Little Mabel
- Little Mabel (1980) Little Mabel's Great Escape (1981) Little Mabel Wins (1982) Little Mabel Saves the Day (1985)
- Author: Jilly Cooper
- Illustrator: Timothy Jaques
- Country: UK
- Language: English
- Genre: Children's fiction

= Little Mabel =

Series of children's books by Jilly Cooper

Little Mabel is a series of children's picture books written by English author Jilly Cooper and illustrated by Timothy Jaques. There are four books in the series: Little Mabel, Little Mabel's Great Escape, Little Mabel Wins and Little Mabel Saves the Day. All books feature the misadventures of the mongrel Mabel and her street-dog father, who is obsessed with dustbins. Based on Cooper's love of mongrels, the books were all generally favourably reviewed with Cooper's humour praised by The Bookseller, the Vancouver Sun, and the Ottawa Citizen.
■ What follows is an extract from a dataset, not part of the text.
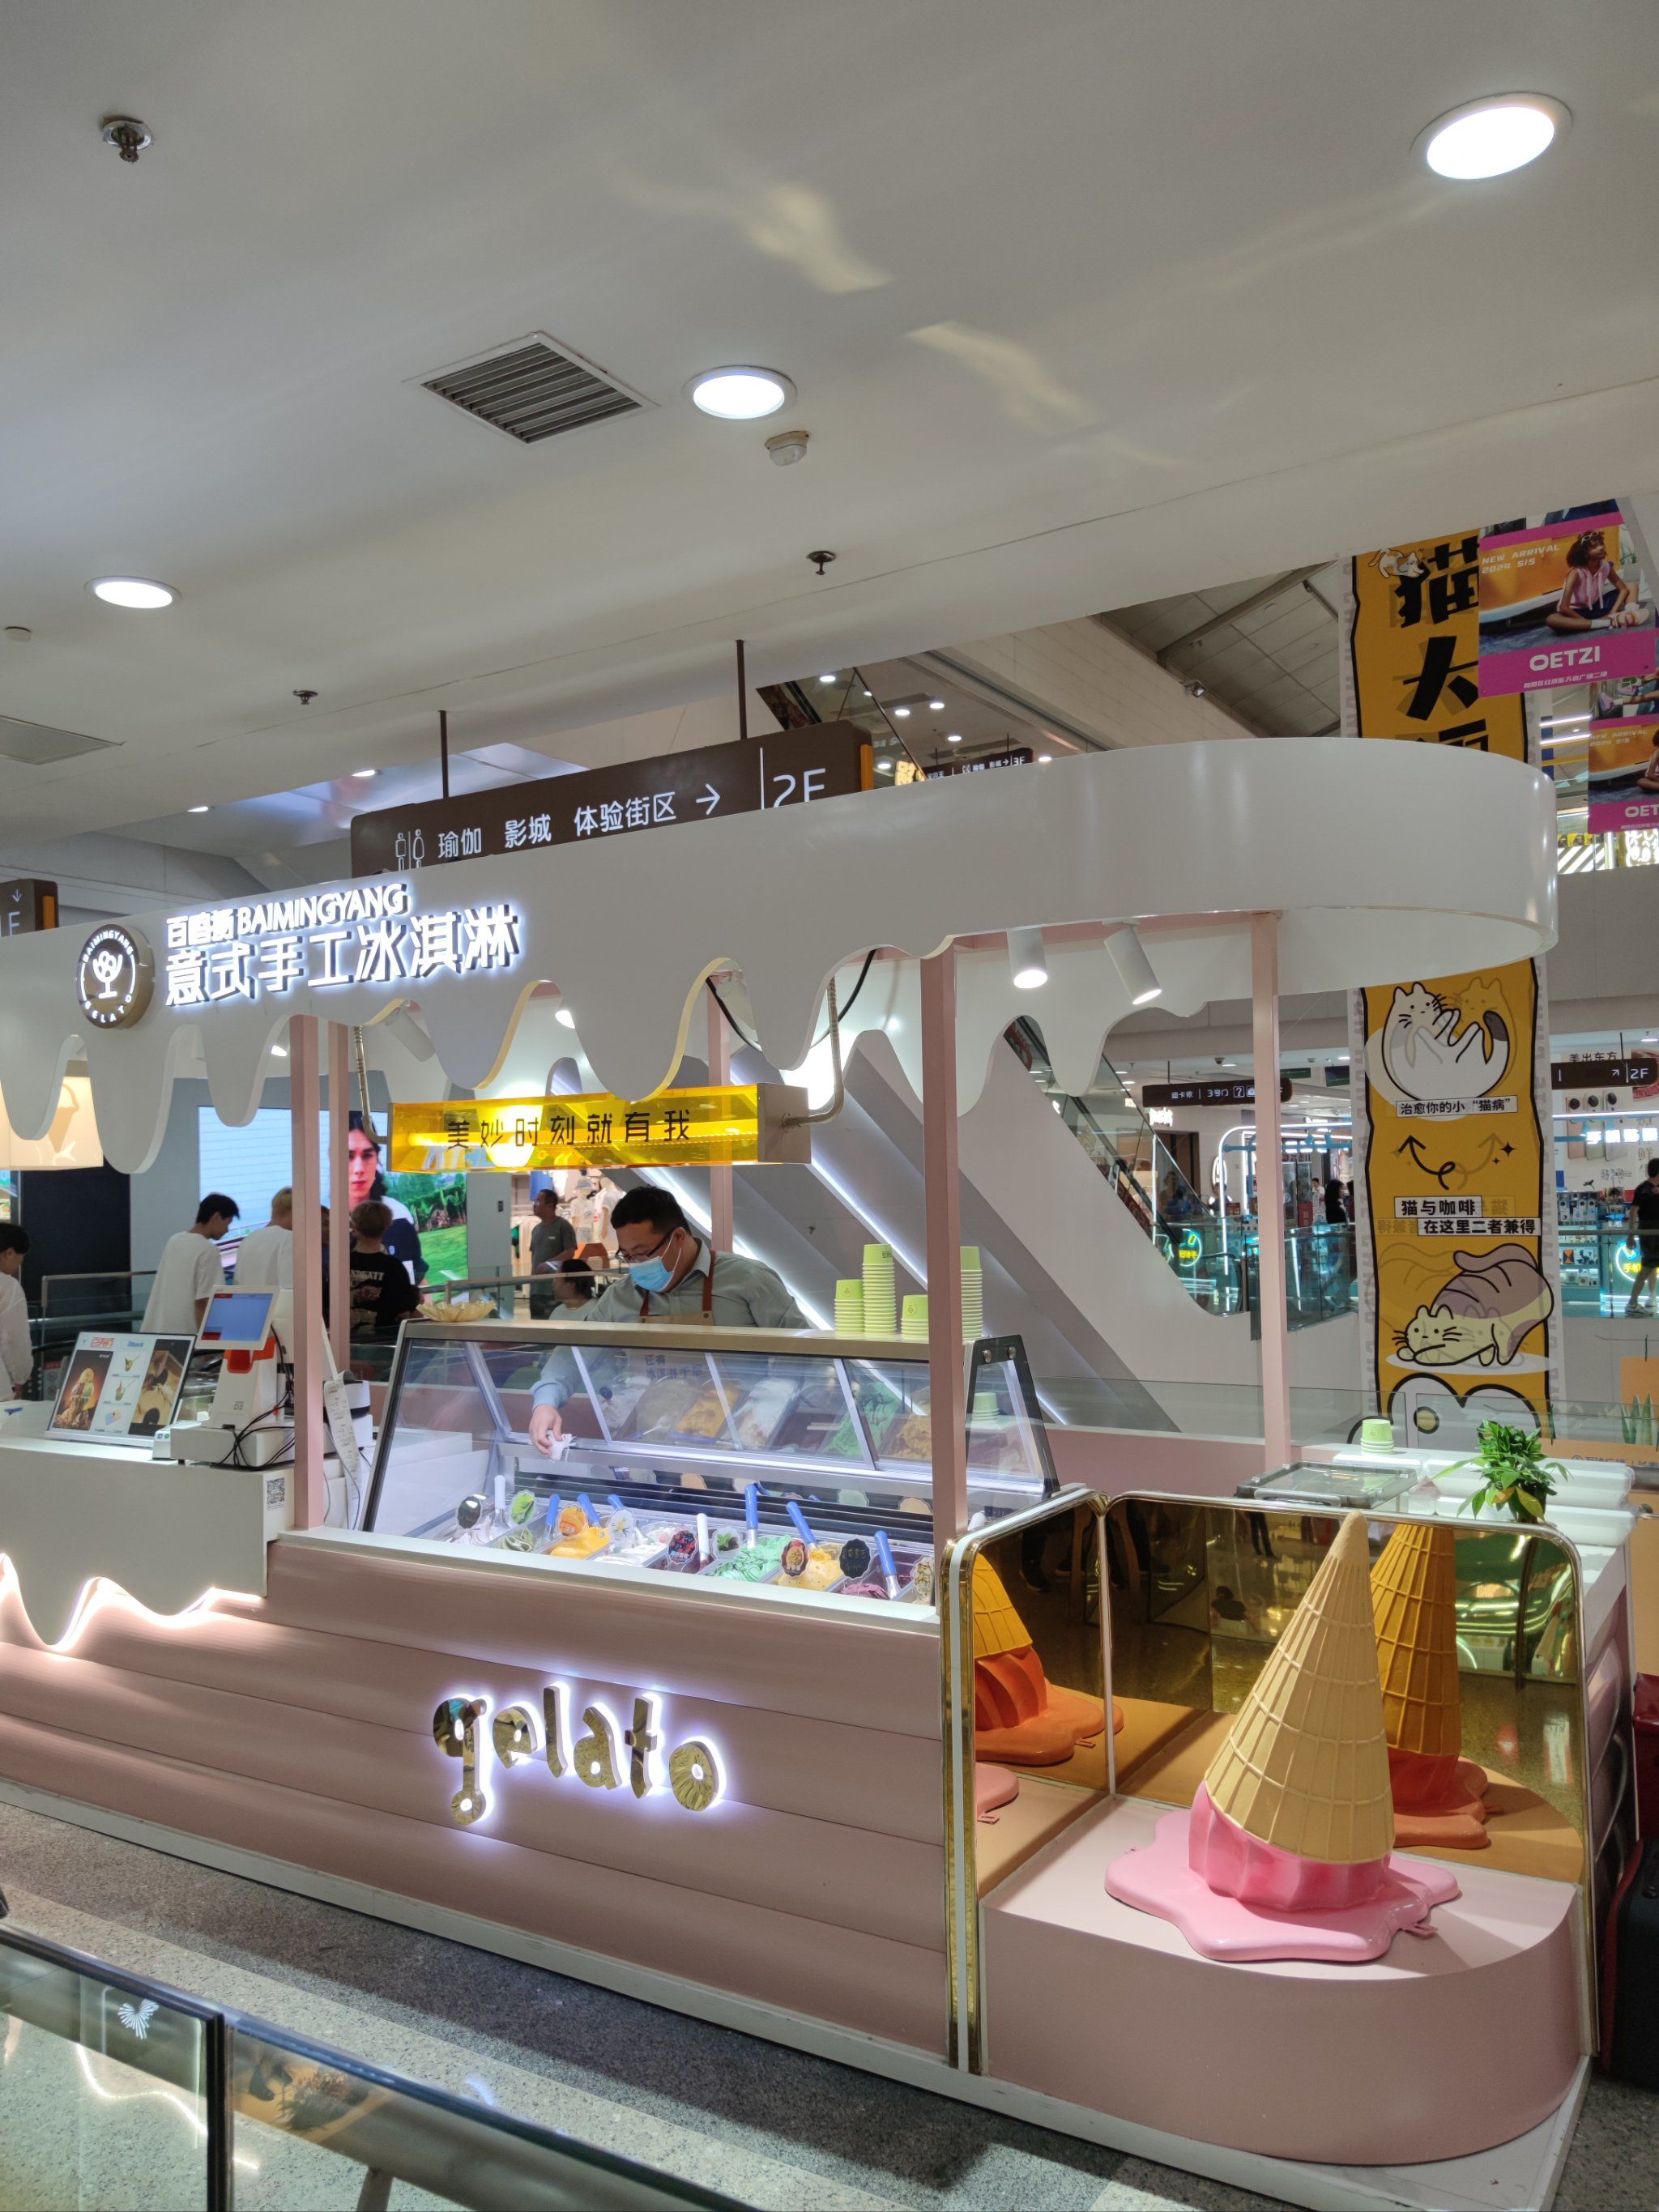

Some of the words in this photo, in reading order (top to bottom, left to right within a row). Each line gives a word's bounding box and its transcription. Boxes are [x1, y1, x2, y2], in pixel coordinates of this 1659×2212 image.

Two of the books, Little Mabel Wins and Little Mabel Saves the Day, featured as stories in the British children's programme Jackanory.

== Little Mabel series ==

- Little Mabel - Little Mabel is a puppy, whose mother is a police dog and whose father is a street dog. Mabel goes to live with her father's family, but humans and dogs look down on her because she is a mongrel. Frightened by the milkman, Mabel runs away but is brought home by the local fire brigade - just in time for them to put out a real fire.
- Little Mabel's Great Escape - While Mabel's family goes on holiday she and her father are put into kennels. Determined to escape, Mabel digs a tunnel supervised by her father and they escape. However Mabel's police dog mother is meant to arrest the pair, nevertheless she hides the duo in her kennel. Lured by the smell of dustbins, both dogs escape again, and are accidentally transported home in a bin lorry.
- Little Mabel Wins - Little Mabel's father is dismayed that mongrels aren't allowed to enter Crufts, so he hatches a plan to cause chaos at the dog show. Accompanied by Mabel he sets off an explosive chocolate-based device which results in all the dogs going wild - all apart from Mabel who is so frightened she sits very still and therefore wins a prize for good behaviour.
- Little Mabel Saves the Day - Mabel and her family go on holiday to Somerset, but the farm animals frighten Mabel. Her father, who is obsessed with dustbins, befriends a local fox, but ends up threatened by the local hounds. Mabel ultimately frightens them away by wearing a wellington boot on her head, and the hounds disturb a family birthday.

== Background ==
Whilst Cooper is better known for her romances and bonkbuster novels, she has also written a series of four children's books centred on a mongrel puppy called Mabel. Known for her fondness for dogs, Cooper has often had mongrels as pets. When interviewed in 2013 to discuss the inclusion of a new class for mongrels at Crufts, Cooper described her book Little Mabel Wins as "prophetic" since it featured a protest by Mabel and Dad against the discrimination shown to mongrels there. The series was first published by Granada.

== Reception ==
First in the series, published in 1980, Little Mabel was described by The Evening Standard as "silly and joyful". The Vancouver Sun described the book as a "winsome tale of an unwanted mongrel", who ultimately triumphs and is praised. The review also praised Cooper's wryness in the humour of the book. The Bookseller described the book as "slightly old-fashioned". However, by April 1981 its first edition had sold out. Followed by Little Mabel's Great Escape, this second book was described as "good news for families". A review in The Bookseller noted the comparison between kennels and Colditz, and described how Cooper's writing had some "cutting edges" despite it being a book for children.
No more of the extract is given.